═════ Data extract

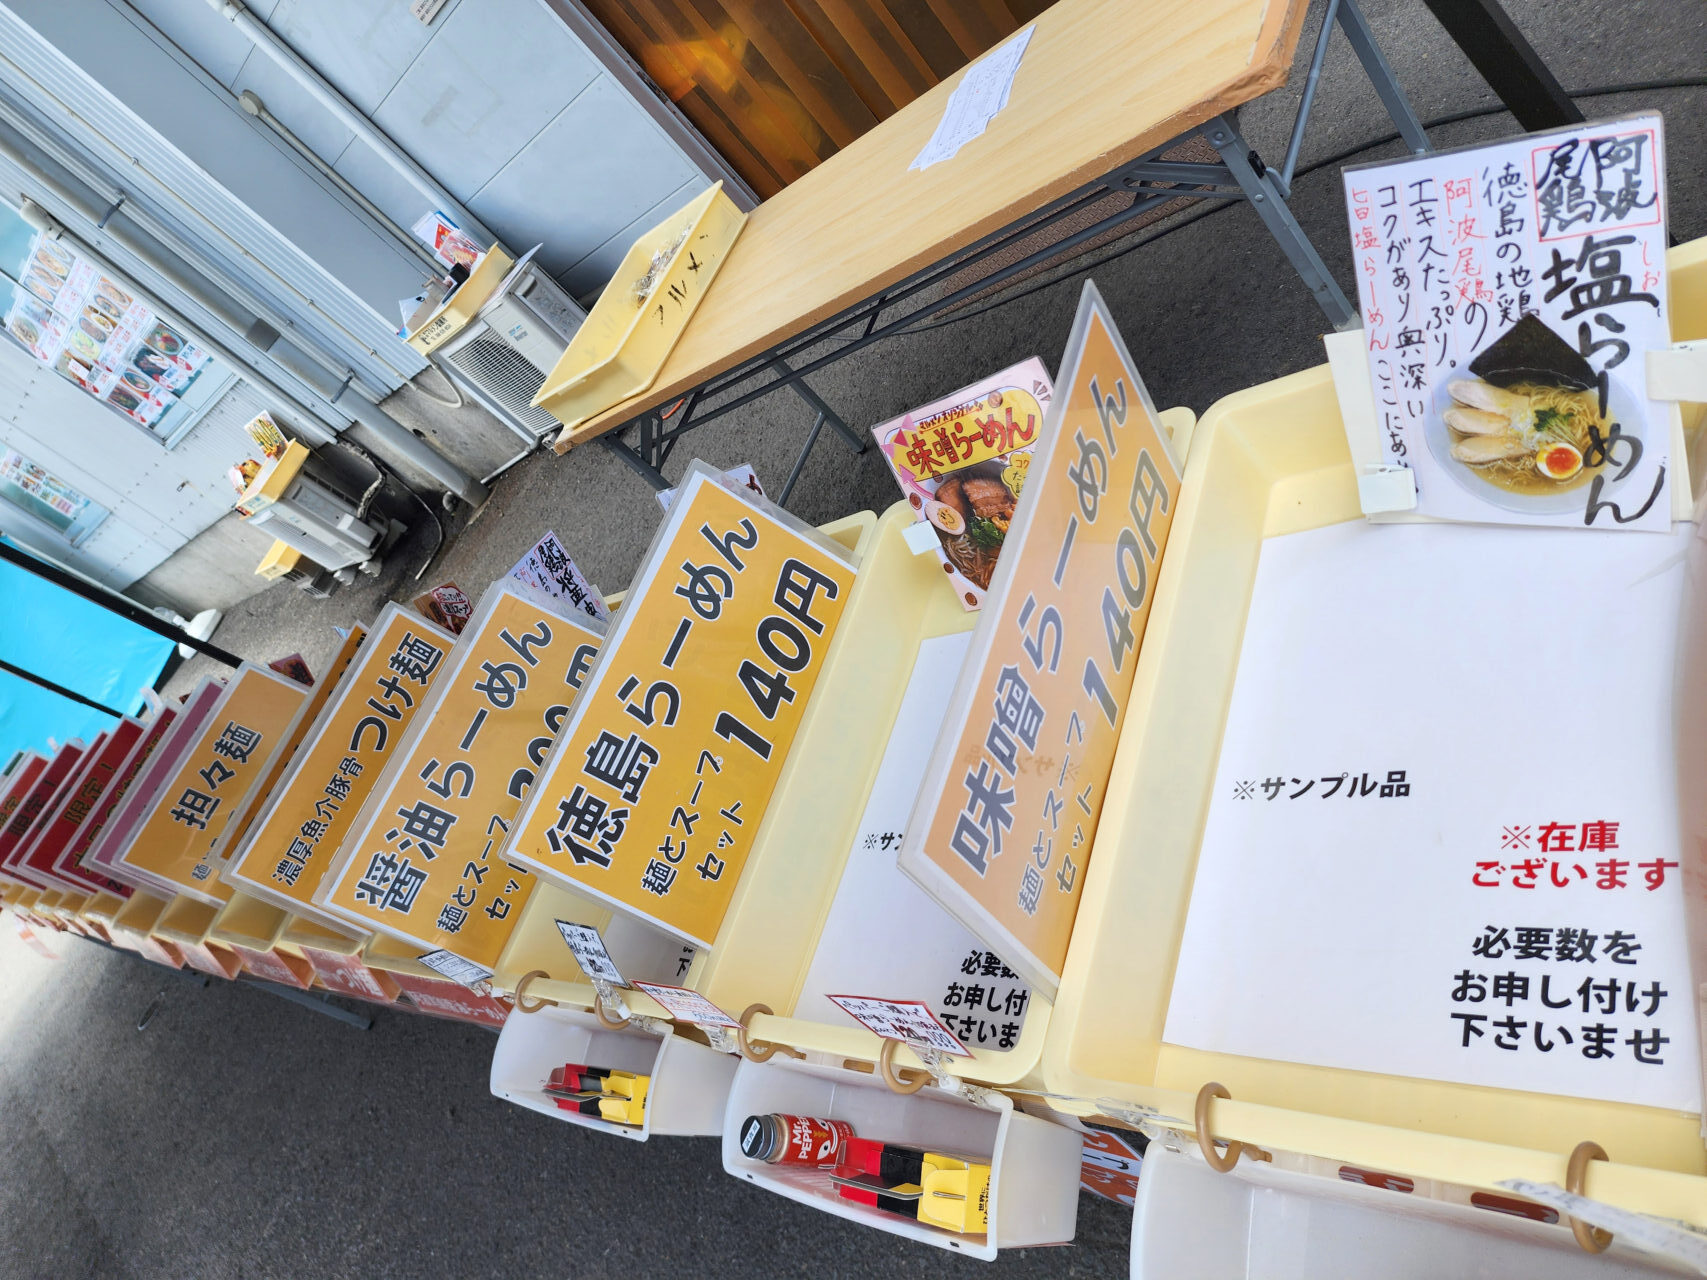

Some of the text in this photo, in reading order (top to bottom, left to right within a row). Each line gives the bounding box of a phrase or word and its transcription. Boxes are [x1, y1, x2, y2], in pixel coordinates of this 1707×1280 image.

[1541, 235, 1666, 526] 塩らーめん
[907, 408, 1034, 475] 味噌らーめん
[949, 374, 1128, 878] 味噌らーめん
[1082, 447, 1169, 729] 140円
[545, 516, 759, 870] 徳島らーめん
[714, 558, 839, 761] 140円
[170, 720, 263, 830] 担々麺
[354, 619, 554, 915] 醤油らーめん
[1017, 710, 1088, 917] 麺とスープ
[1233, 770, 1411, 802] ※サンプル品
[436, 814, 511, 936] 麺とスープ
[640, 749, 723, 898] 麺とスープ
[695, 800, 743, 882] セット
[1055, 783, 1093, 894] セット
[1472, 858, 1679, 891] ございます
[1501, 820, 1620, 853] ※在庫
[1450, 970, 1668, 1017] お申し付け
[1472, 925, 1642, 965] 必要数を
[1450, 1012, 1670, 1066] 下さいませ
[791, 1119, 804, 1145] Mr.
[798, 1116, 813, 1159] PEPPE

══════════

→ **Exercise requirements**:
Without including a single picture, restate all of the data word for word.

→ **Problem solution**:
Some of the text in this photo, in reading order (top to bottom, left to right within a row). Each line gives the bounding box of a phrase or word and its transcription. Boxes are [x1, y1, x2, y2], in pixel coordinates of this 1707×1280 image.

[1541, 235, 1666, 526] 塩らーめん
[907, 408, 1034, 475] 味噌らーめん
[949, 374, 1128, 878] 味噌らーめん
[1082, 447, 1169, 729] 140円
[545, 516, 759, 870] 徳島らーめん
[714, 558, 839, 761] 140円
[170, 720, 263, 830] 担々麺
[354, 619, 554, 915] 醤油らーめん
[1017, 710, 1088, 917] 麺とスープ
[1233, 770, 1411, 802] ※サンプル品
[436, 814, 511, 936] 麺とスープ
[640, 749, 723, 898] 麺とスープ
[695, 800, 743, 882] セット
[1055, 783, 1093, 894] セット
[1472, 858, 1679, 891] ございます
[1501, 820, 1620, 853] ※在庫
[1450, 970, 1668, 1017] お申し付け
[1472, 925, 1642, 965] 必要数を
[1450, 1012, 1670, 1066] 下さいませ
[791, 1119, 804, 1145] Mr.
[798, 1116, 813, 1159] PEPPE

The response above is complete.